4

I am struggling to understand how/if the interaction is connected to mediation. I understand that the interaction in a regression indicates that a variable Z influences the effect of a variable X on the outcome (Y). I am also aware that the variable X can influence Y through another variable, a mediator, in this case, we call it M. This mediation can be either complete or partial, meaning that X can influence Y directly and through M.

However, what I do not quite understand is how these two aspects are related. I guess I am wrong in assuming that if X interacts with Z, I can decompose the influence of Z on the effect of X on Y using mediation analysis.
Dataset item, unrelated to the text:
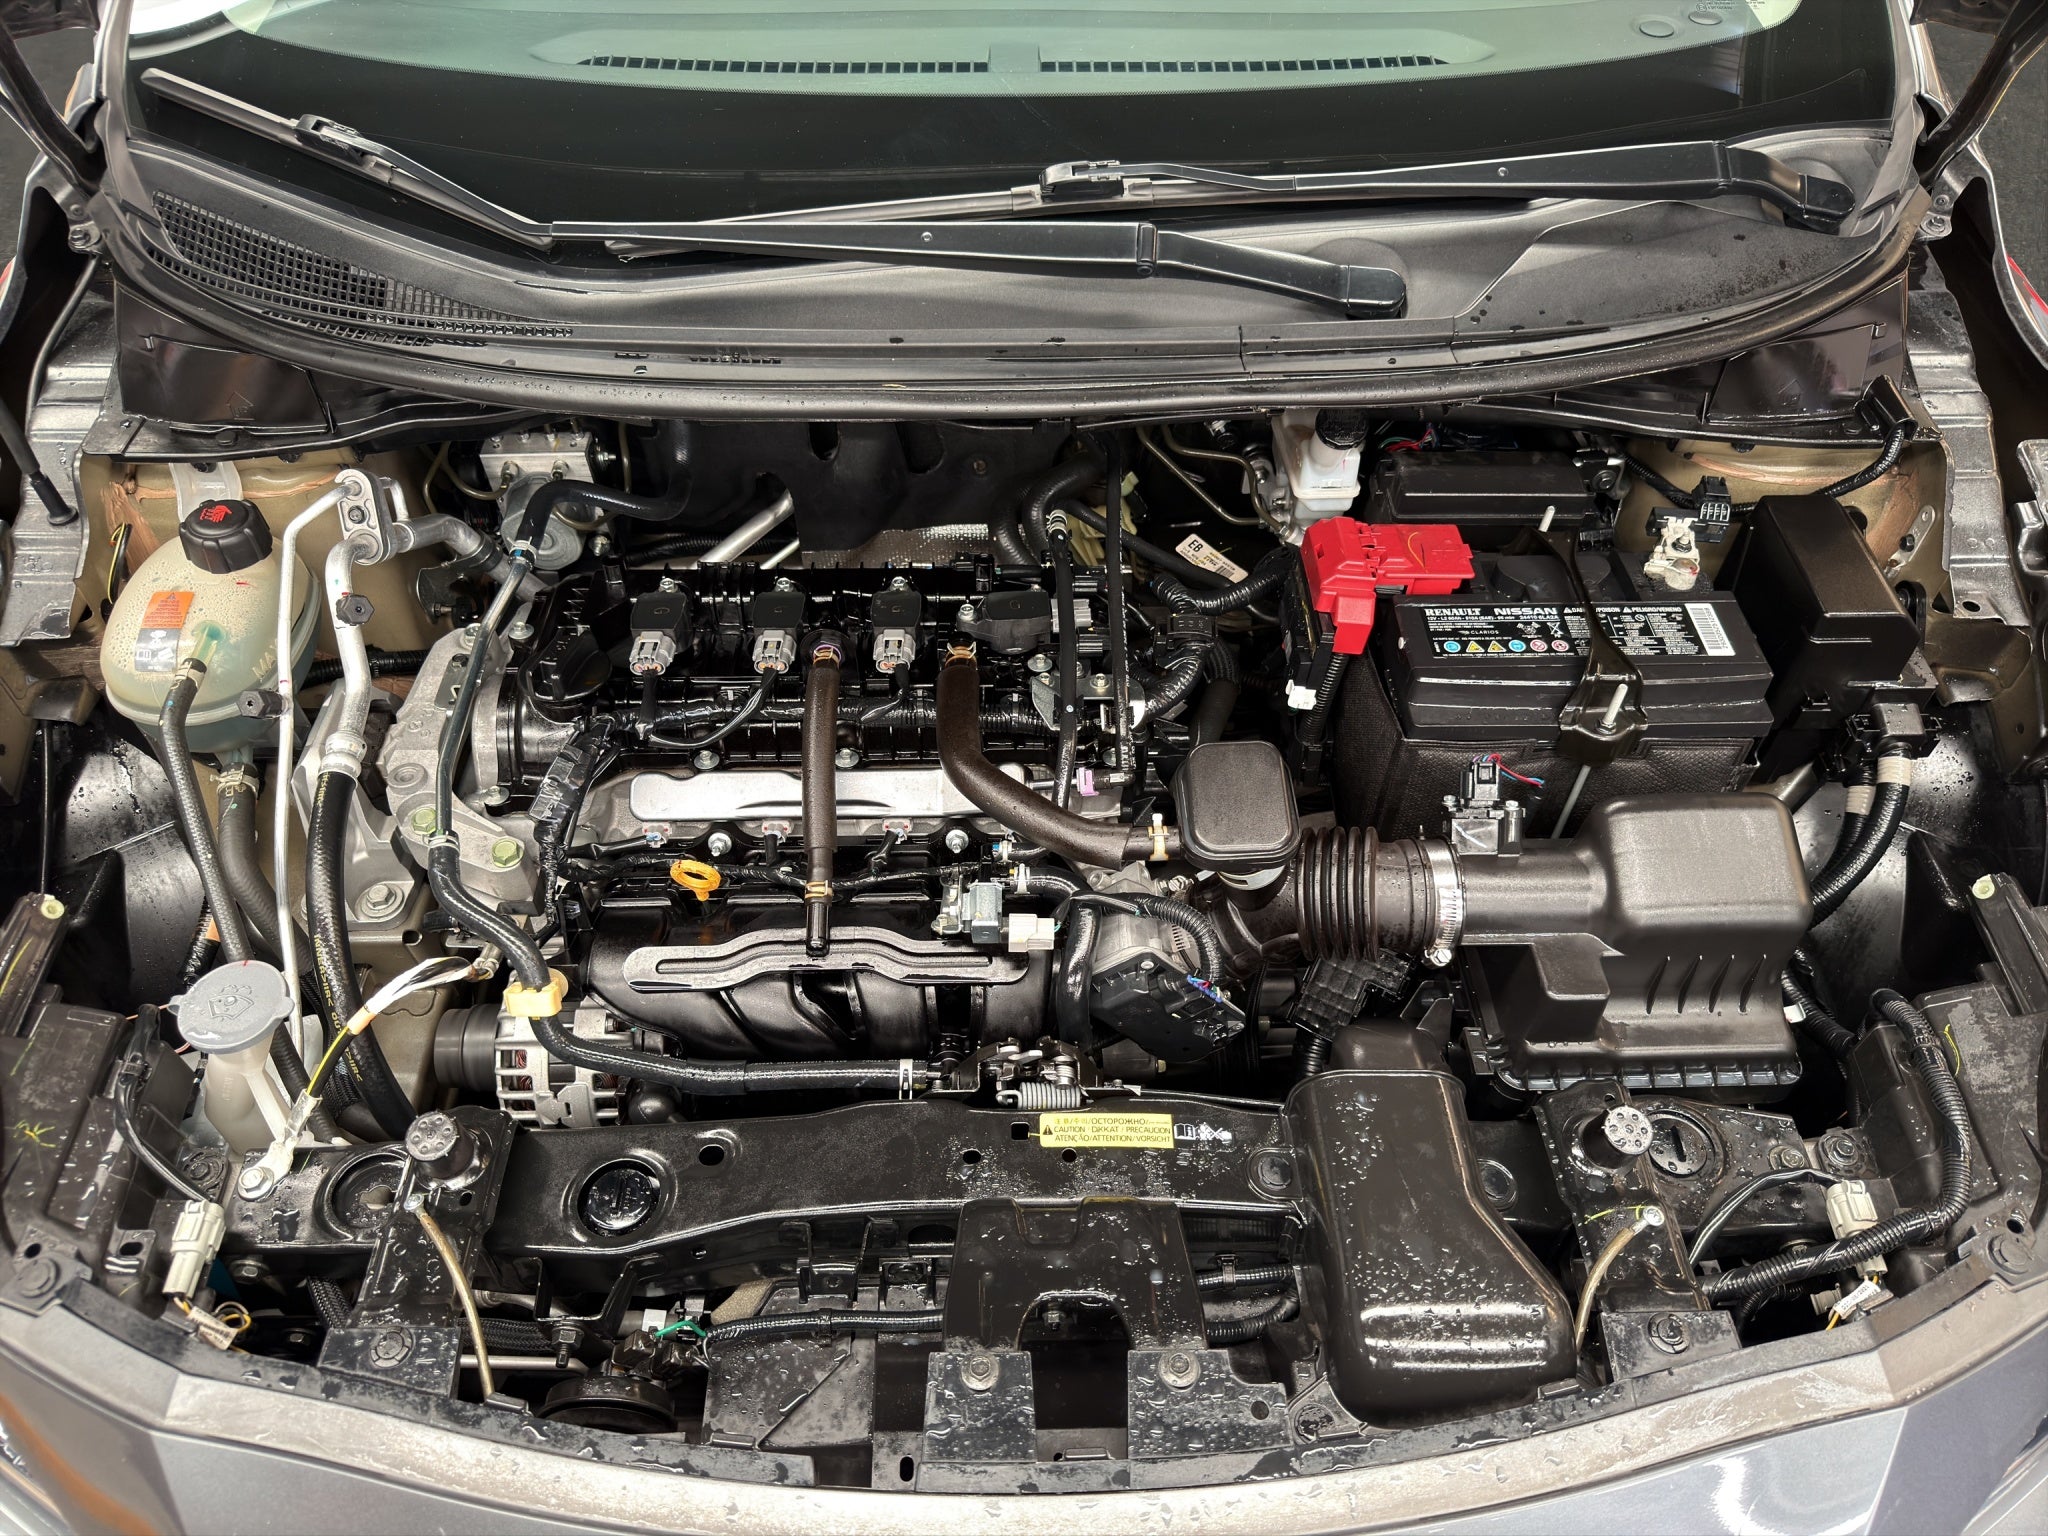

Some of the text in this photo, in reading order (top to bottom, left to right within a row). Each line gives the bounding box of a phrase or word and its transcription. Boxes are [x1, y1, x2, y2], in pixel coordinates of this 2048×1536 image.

[1188, 539, 1204, 552] EB
[1424, 607, 1558, 616] RENAULT NISSAN
What I would like to do is to identify all the variables (Y and Z) that have a combined effect on Y. I then want to decompose the effect of X and Z on Y in:

  1. interaction (X*Z->Y)
  2. direct effect (X->Y)
  3. mediated effect (X->Z(M)->Y)

Are these simply different problems that require independent regression and mediation analyses, or there is a way to explore the above simultaneously? Is there an R package that does that? Thank you very much!

efrem
  • 332
  • 2
  • 12

1 Answers1

5

Interaction and mediation are different things.
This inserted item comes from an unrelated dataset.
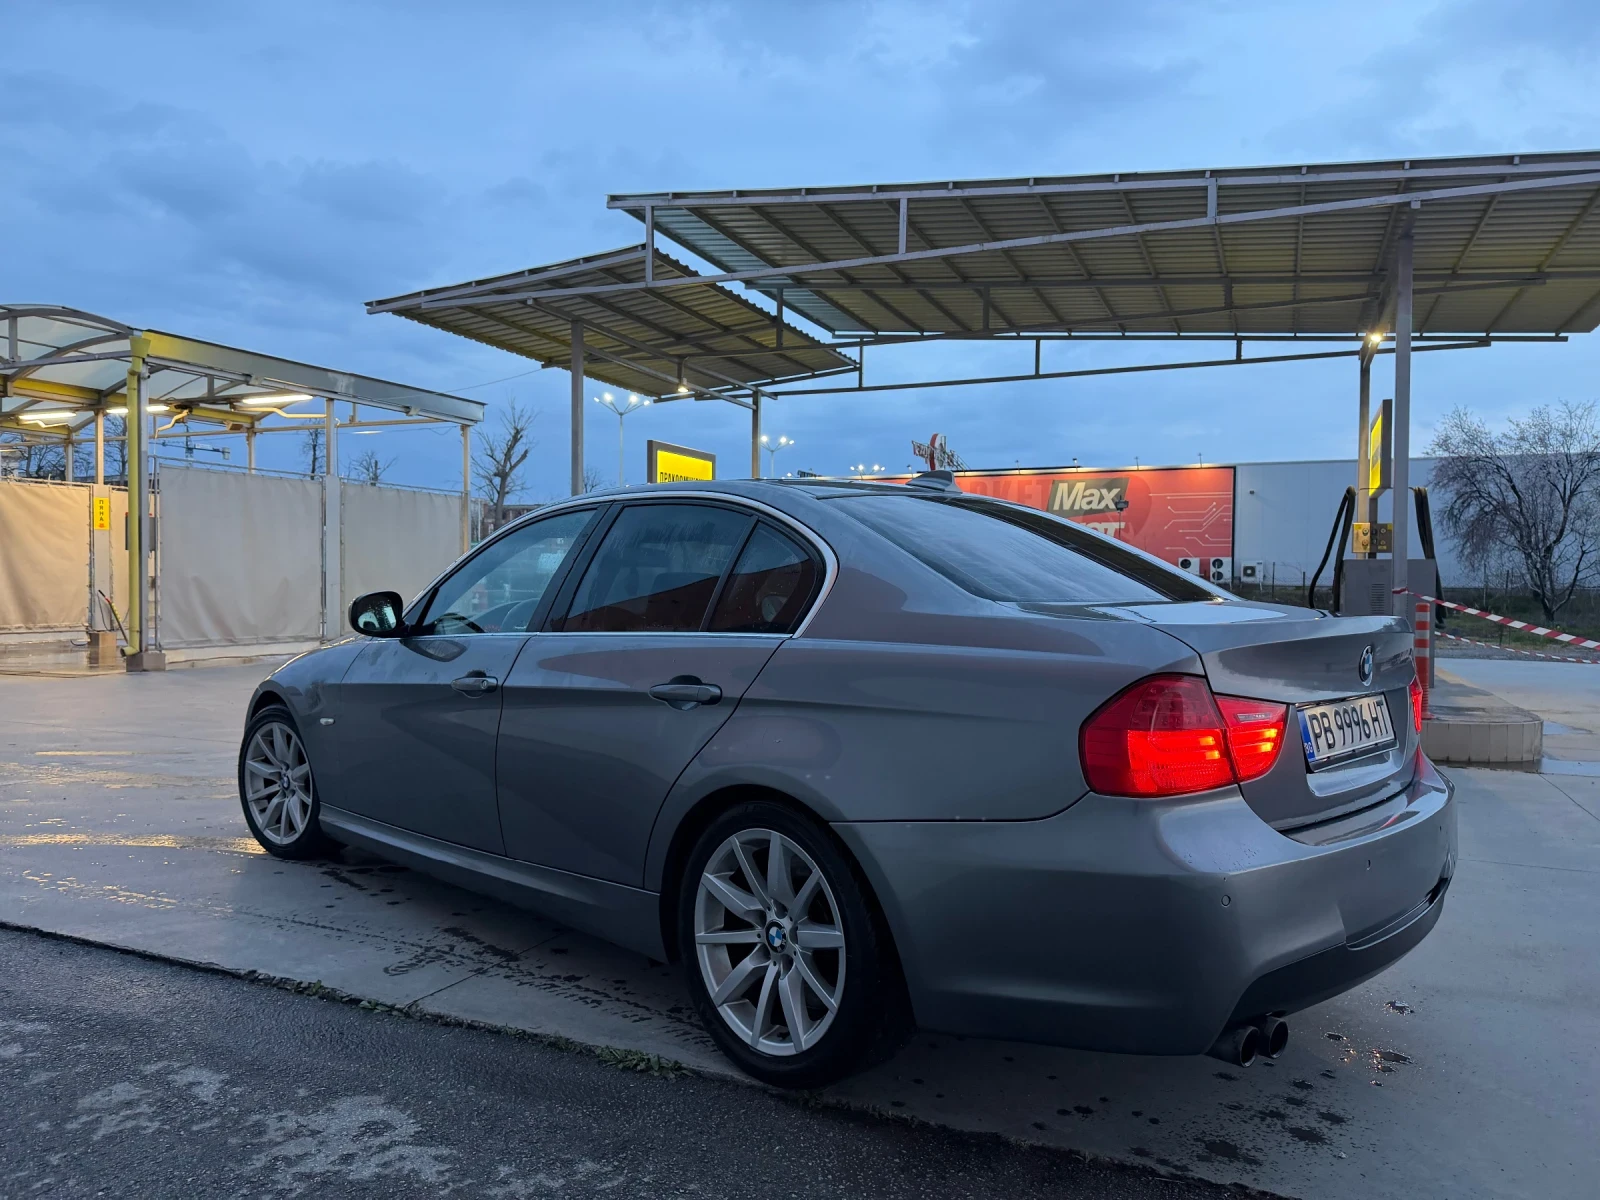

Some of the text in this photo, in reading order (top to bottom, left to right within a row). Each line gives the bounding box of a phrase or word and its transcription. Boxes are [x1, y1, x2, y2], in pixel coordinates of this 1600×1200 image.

In mediation, we have a causal pathway where one variable causes the mediator and the mediator causes the outcome.

In interaction, we have a joint action, where two variables are associated with an outcome, but the "effect" of one variable depends on the value of the other variable.

Clearly these are different things. If we were to do a simple simulation, we might proceed as follows, in R.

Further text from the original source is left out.